Without its pictures, the listing below is to be transcribed exactly.
BEGIN
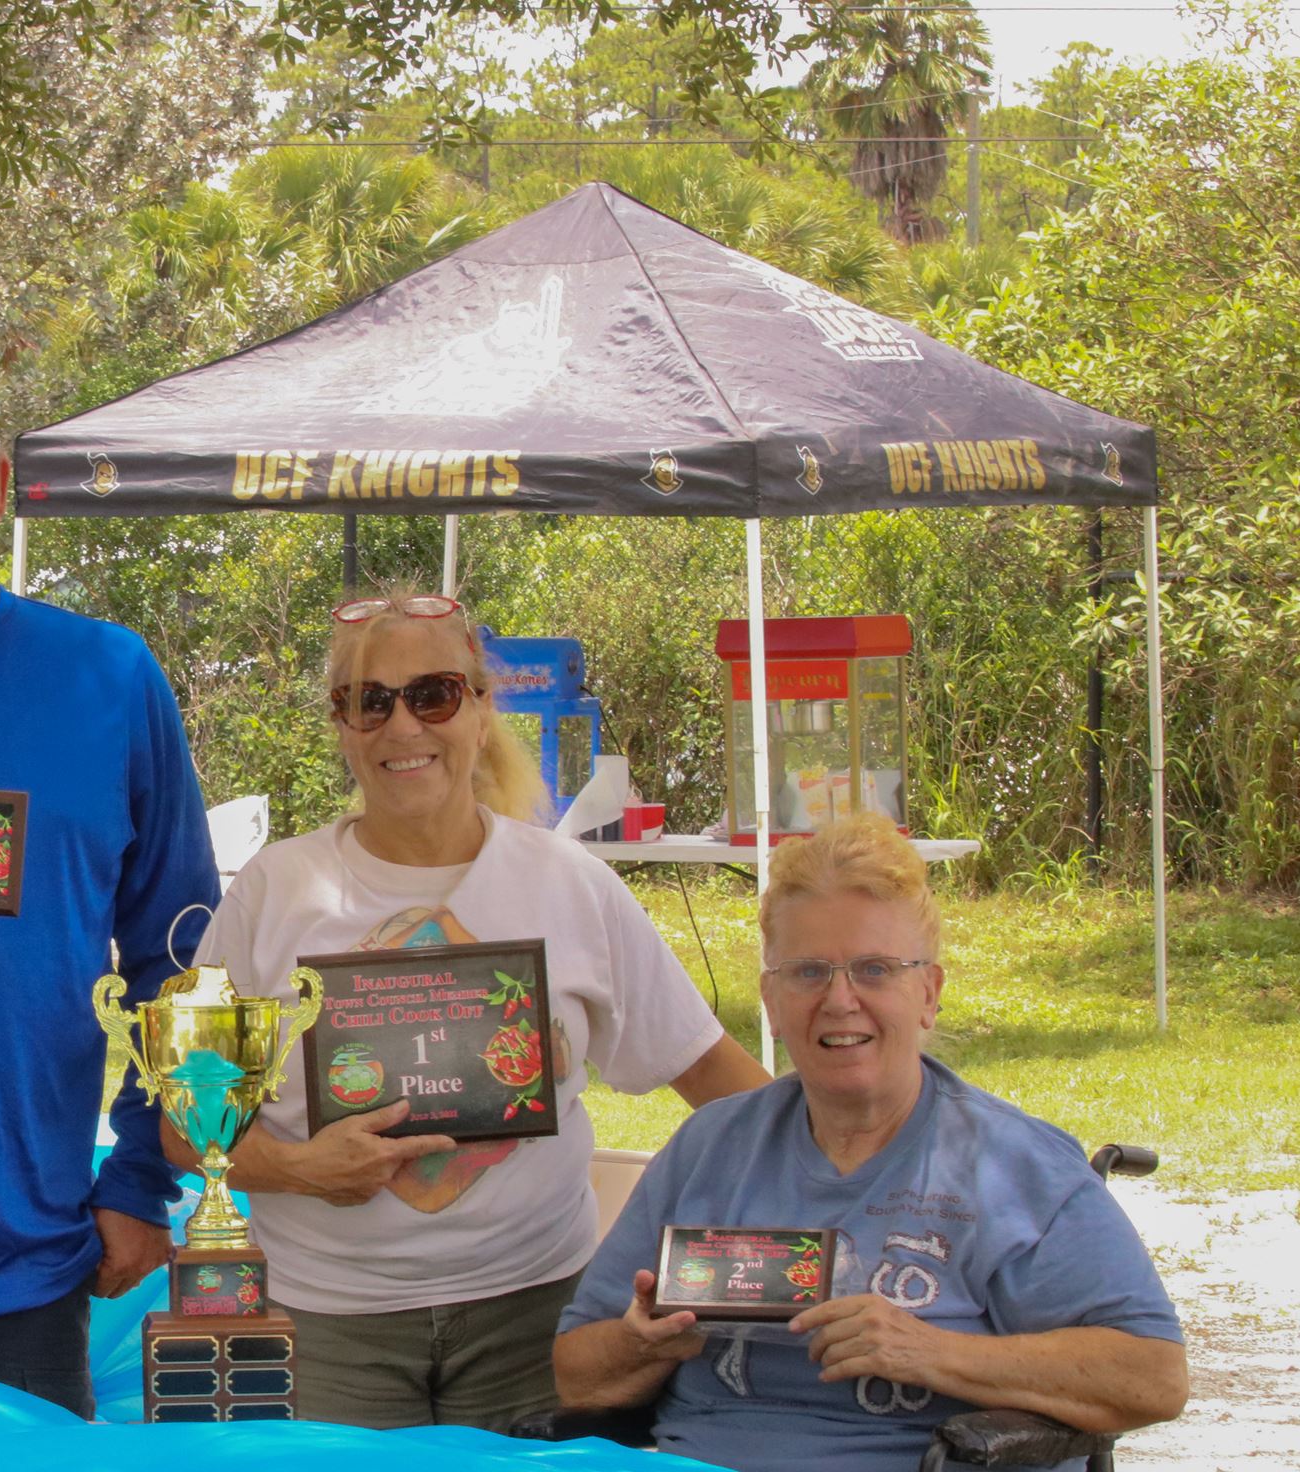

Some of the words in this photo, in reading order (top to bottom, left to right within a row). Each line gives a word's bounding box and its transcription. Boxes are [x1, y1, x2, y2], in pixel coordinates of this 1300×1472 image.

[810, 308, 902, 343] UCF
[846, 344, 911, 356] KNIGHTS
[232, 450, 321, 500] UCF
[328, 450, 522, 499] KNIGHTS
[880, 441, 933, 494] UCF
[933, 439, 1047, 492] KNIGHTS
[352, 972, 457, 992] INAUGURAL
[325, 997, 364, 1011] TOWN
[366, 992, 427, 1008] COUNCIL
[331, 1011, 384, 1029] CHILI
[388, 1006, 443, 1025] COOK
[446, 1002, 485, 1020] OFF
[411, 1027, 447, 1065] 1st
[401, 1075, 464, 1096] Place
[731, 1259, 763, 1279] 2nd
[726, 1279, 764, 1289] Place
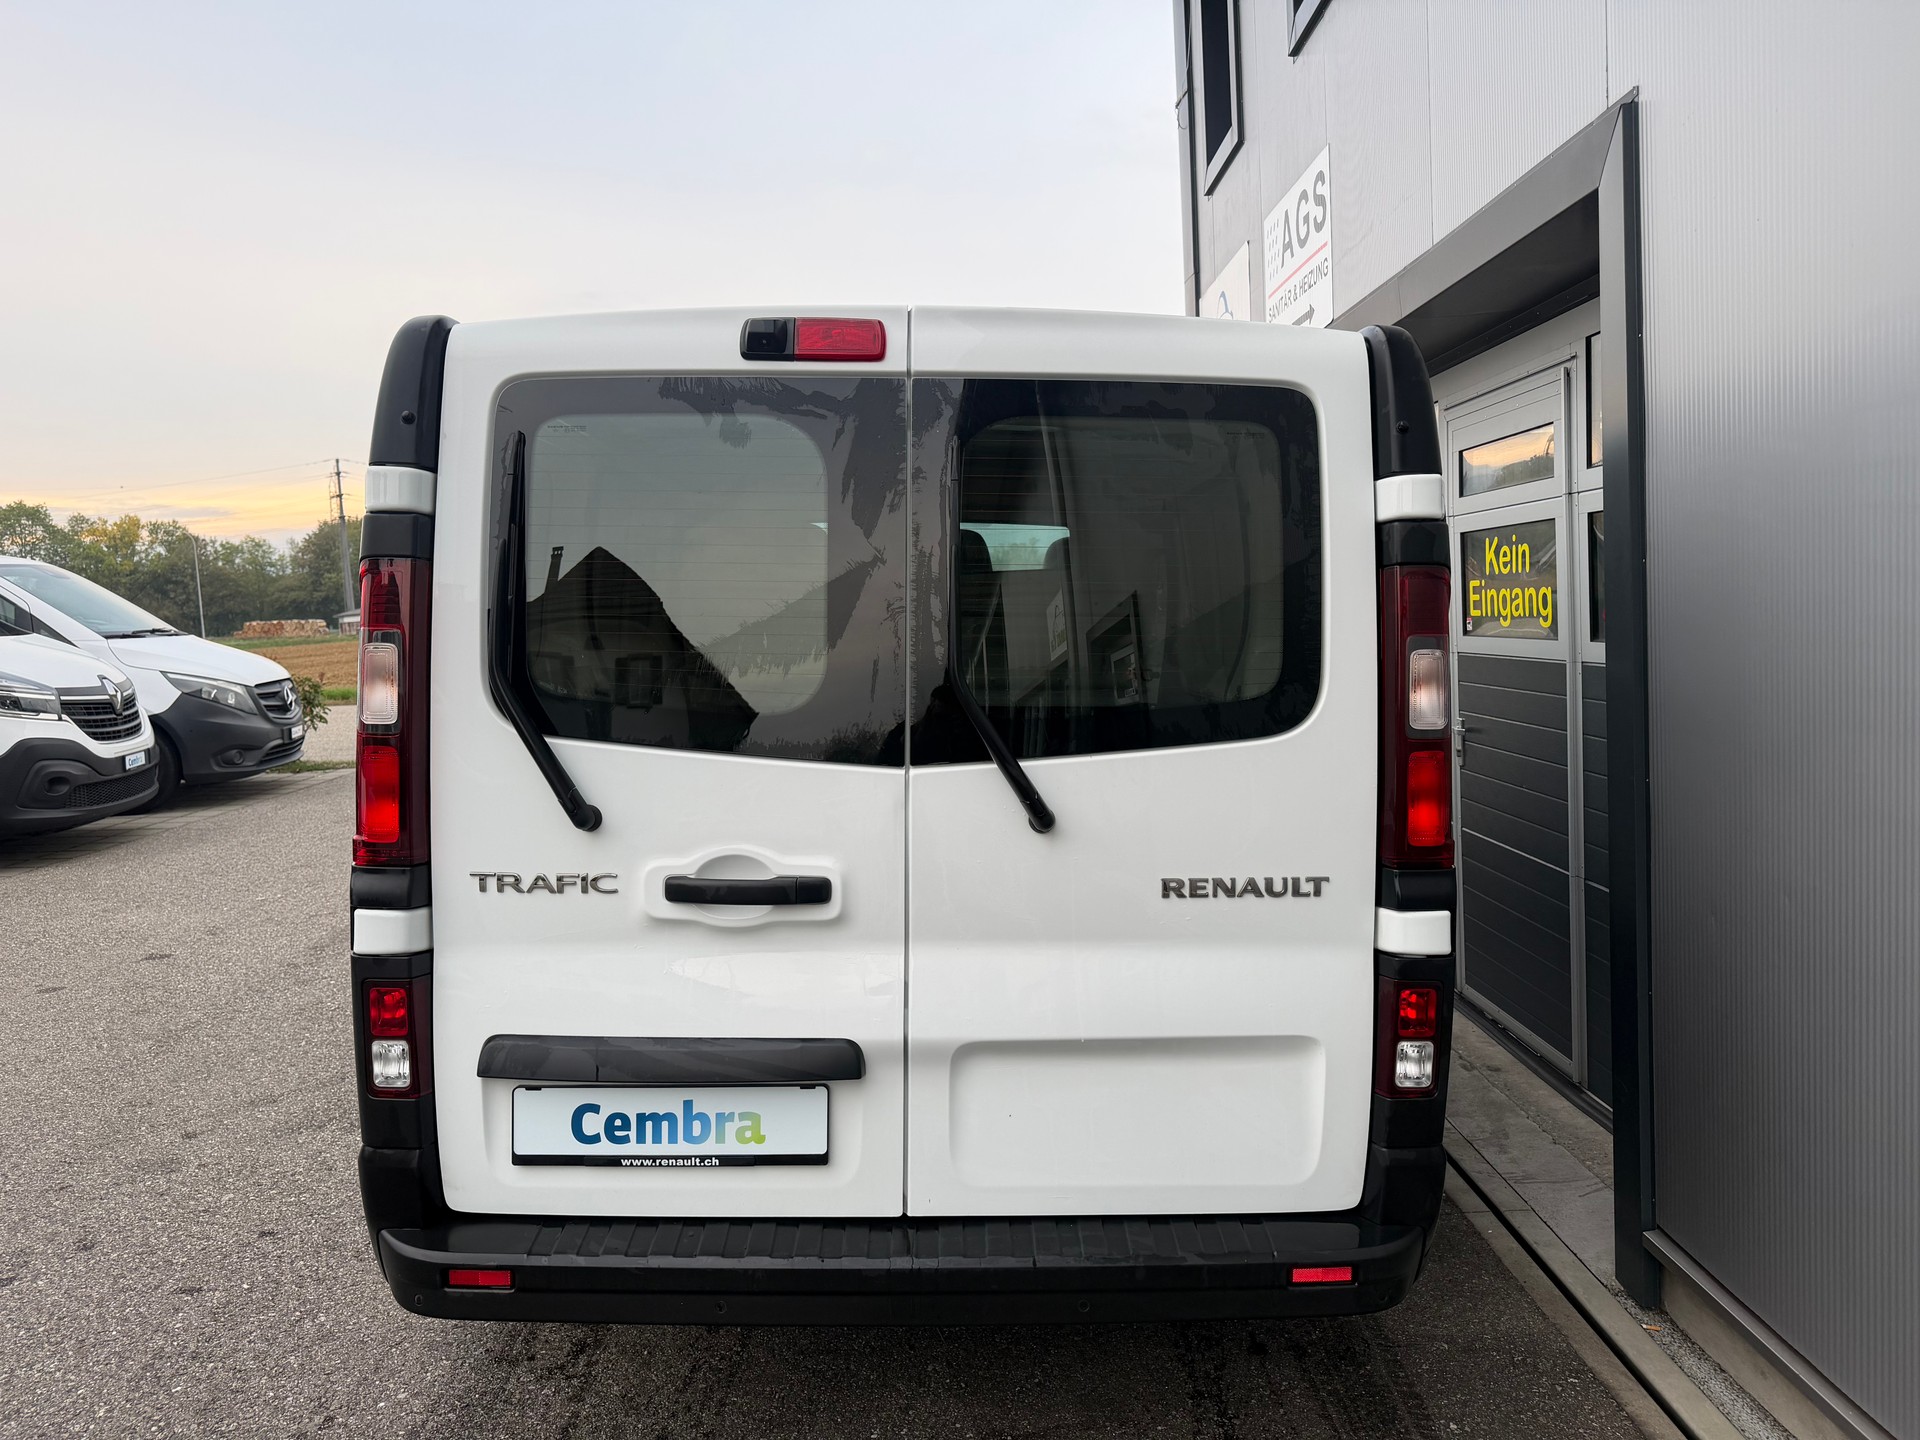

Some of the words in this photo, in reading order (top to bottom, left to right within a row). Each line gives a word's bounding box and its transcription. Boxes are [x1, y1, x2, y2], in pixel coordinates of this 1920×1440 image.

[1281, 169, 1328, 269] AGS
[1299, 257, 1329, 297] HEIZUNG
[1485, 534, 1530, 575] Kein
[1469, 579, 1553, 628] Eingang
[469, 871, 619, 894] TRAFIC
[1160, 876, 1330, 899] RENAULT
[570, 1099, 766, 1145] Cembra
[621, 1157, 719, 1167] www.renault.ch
END
## Your solution
Some of the words in this photo, in reading order (top to bottom, left to right within a row). Each line gives a word's bounding box and its transcription. Boxes are [x1, y1, x2, y2], in pixel coordinates of this 1300×1472 image.

[810, 308, 902, 343] UCF
[846, 344, 911, 356] KNIGHTS
[232, 450, 321, 500] UCF
[328, 450, 522, 499] KNIGHTS
[880, 441, 933, 494] UCF
[933, 439, 1047, 492] KNIGHTS
[352, 972, 457, 992] INAUGURAL
[325, 997, 364, 1011] TOWN
[366, 992, 427, 1008] COUNCIL
[331, 1011, 384, 1029] CHILI
[388, 1006, 443, 1025] COOK
[446, 1002, 485, 1020] OFF
[411, 1027, 447, 1065] 1st
[401, 1075, 464, 1096] Place
[731, 1259, 763, 1279] 2nd
[726, 1279, 764, 1289] Place

Some of the words in this photo, in reading order (top to bottom, left to right within a row). Each line gives a word's bounding box and its transcription. Boxes are [x1, y1, x2, y2], in pixel coordinates of this 1920×1440 image.

[1281, 169, 1328, 269] AGS
[1299, 257, 1329, 297] HEIZUNG
[1485, 534, 1530, 575] Kein
[1469, 579, 1553, 628] Eingang
[469, 871, 619, 894] TRAFIC
[1160, 876, 1330, 899] RENAULT
[570, 1099, 766, 1145] Cembra
[621, 1157, 719, 1167] www.renault.ch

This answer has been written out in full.